* **WHAT YOU SHOULD DO**:
Give back an exact copy of the entries beneath, minus the pictures.

Collected data

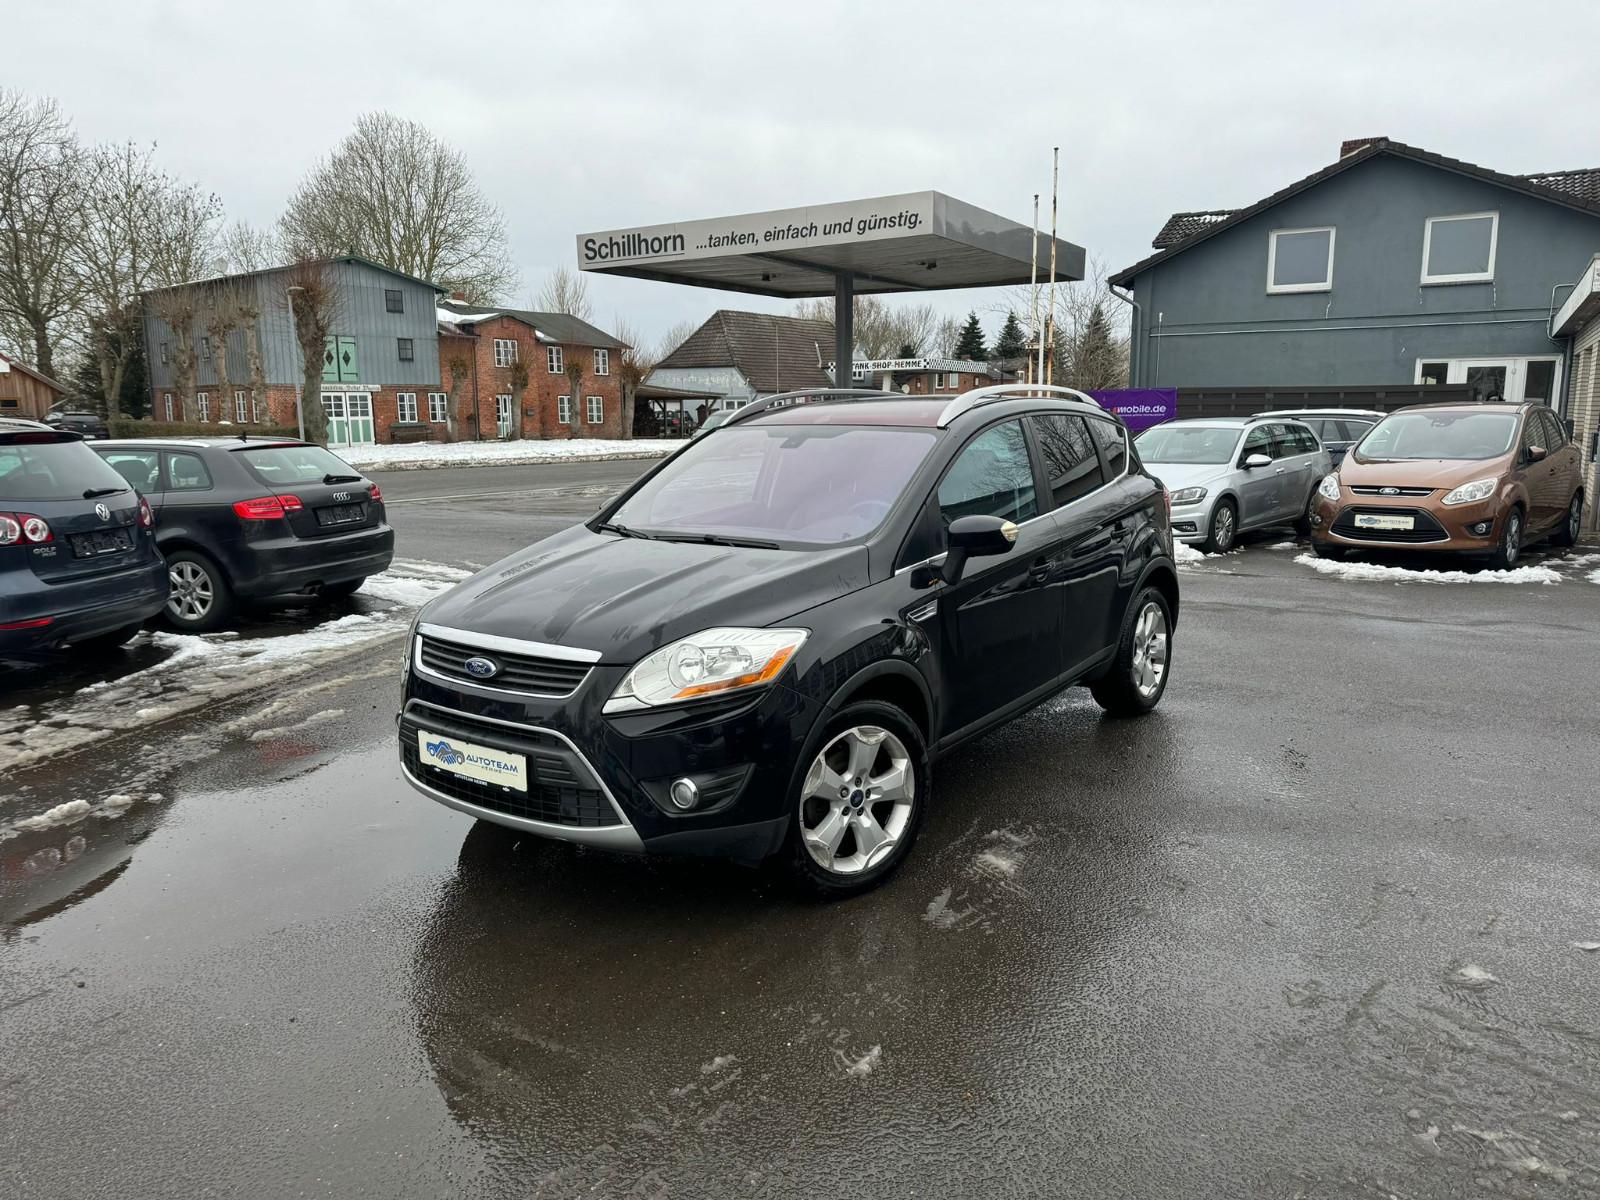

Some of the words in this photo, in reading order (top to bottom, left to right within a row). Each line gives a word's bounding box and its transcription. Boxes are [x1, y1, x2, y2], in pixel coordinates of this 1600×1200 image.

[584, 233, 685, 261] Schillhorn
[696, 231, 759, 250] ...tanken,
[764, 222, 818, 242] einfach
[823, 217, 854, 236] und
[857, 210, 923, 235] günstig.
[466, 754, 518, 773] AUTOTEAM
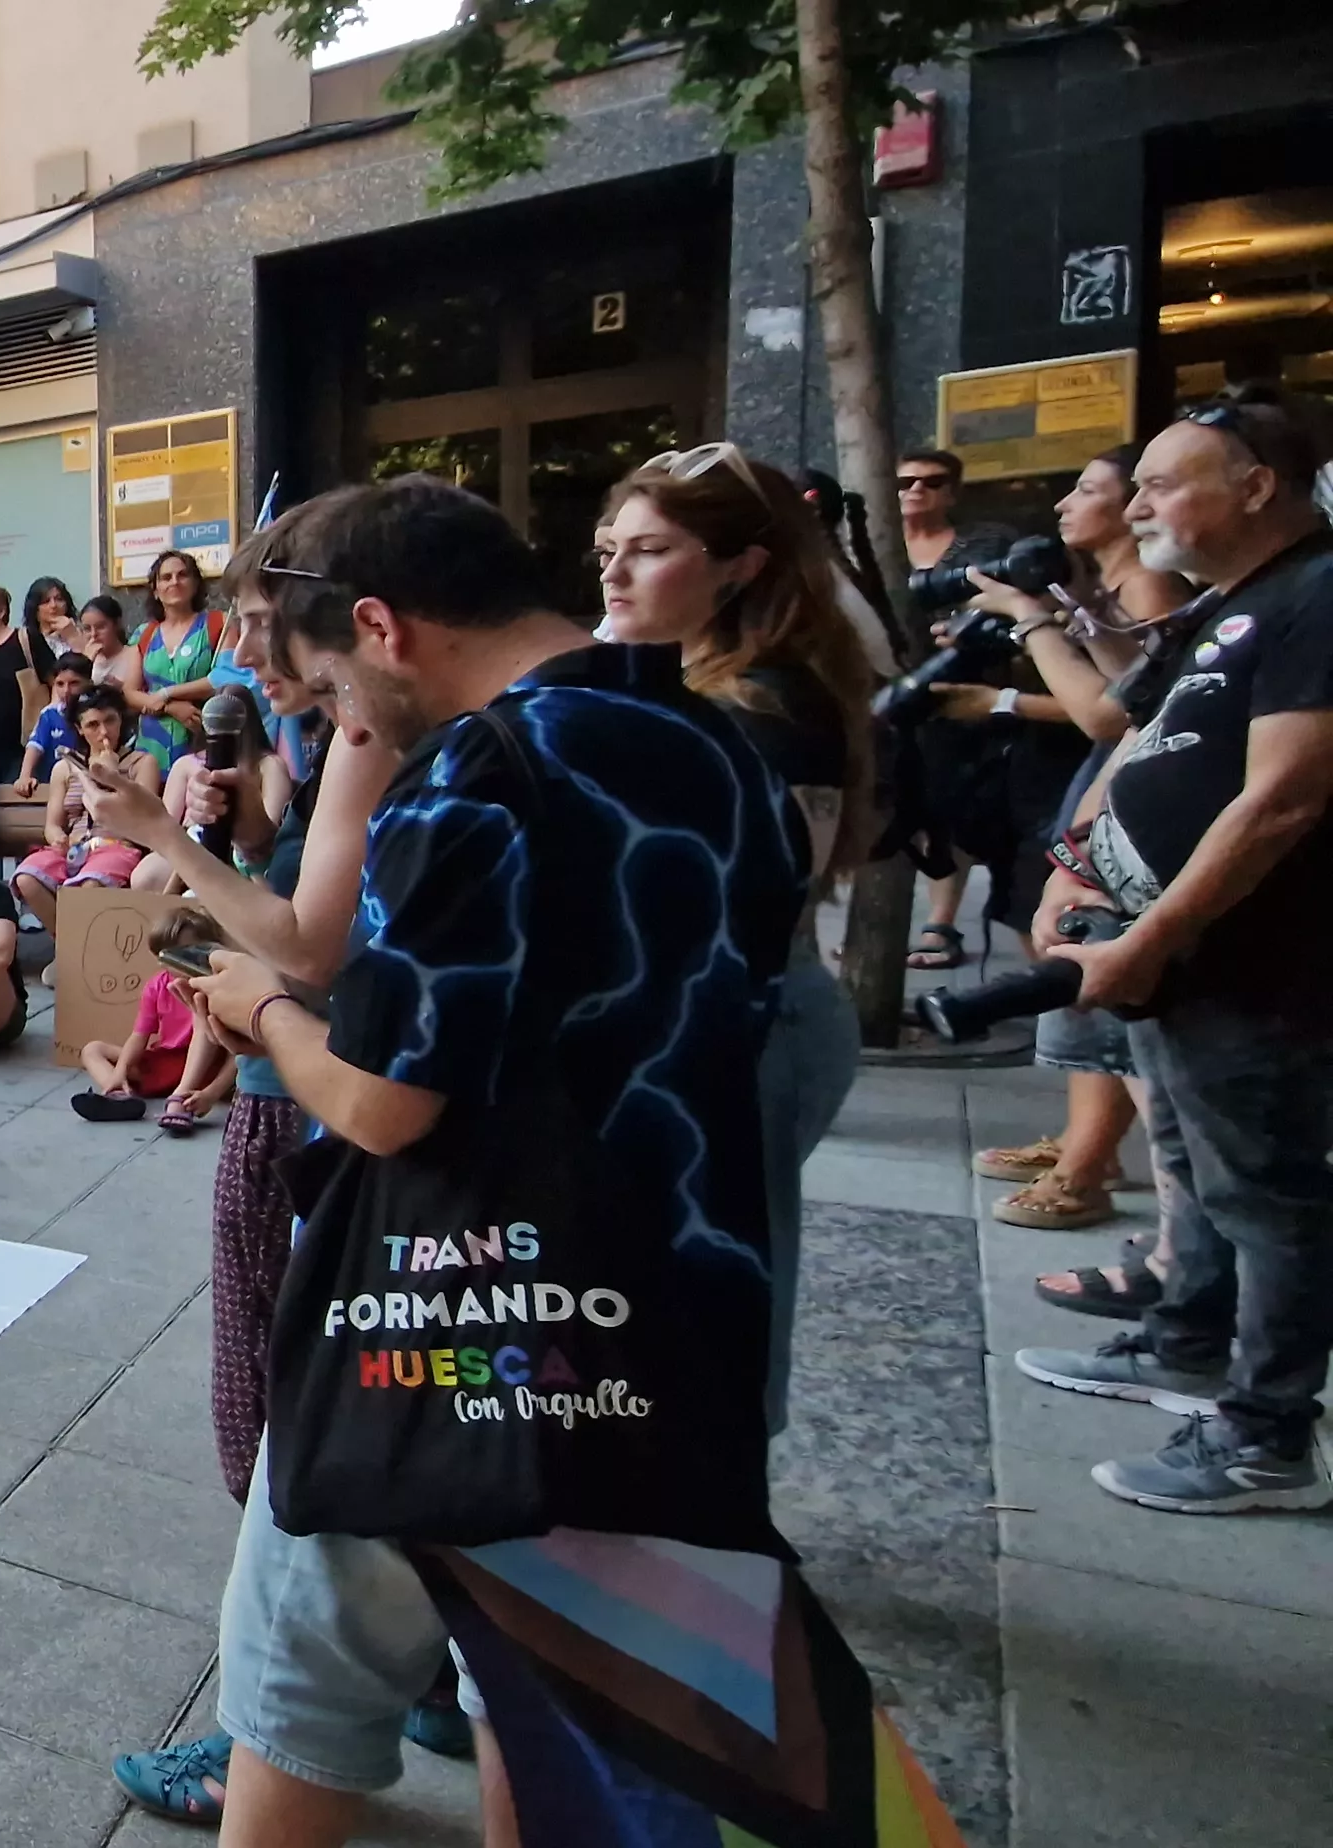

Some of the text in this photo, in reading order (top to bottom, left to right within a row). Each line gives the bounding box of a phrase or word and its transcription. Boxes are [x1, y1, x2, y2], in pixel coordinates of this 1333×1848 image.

* **ANSWER BOX**:
Some of the words in this photo, in reading order (top to bottom, left to right within a row). Each line gives a word's bounding box and its transcription. Boxes are [x1, y1, x2, y2], in pixel coordinates of this 1600×1200 image.

[584, 233, 685, 261] Schillhorn
[696, 231, 759, 250] ...tanken,
[764, 222, 818, 242] einfach
[823, 217, 854, 236] und
[857, 210, 923, 235] günstig.
[466, 754, 518, 773] AUTOTEAM

Some of the text in this photo, in reading order (top to bottom, left to right within a row). Each line gives the bounding box of a phrase or word and its transcription. Boxes are [x1, y1, x2, y2], in pixel coordinates of this 1333×1848 image.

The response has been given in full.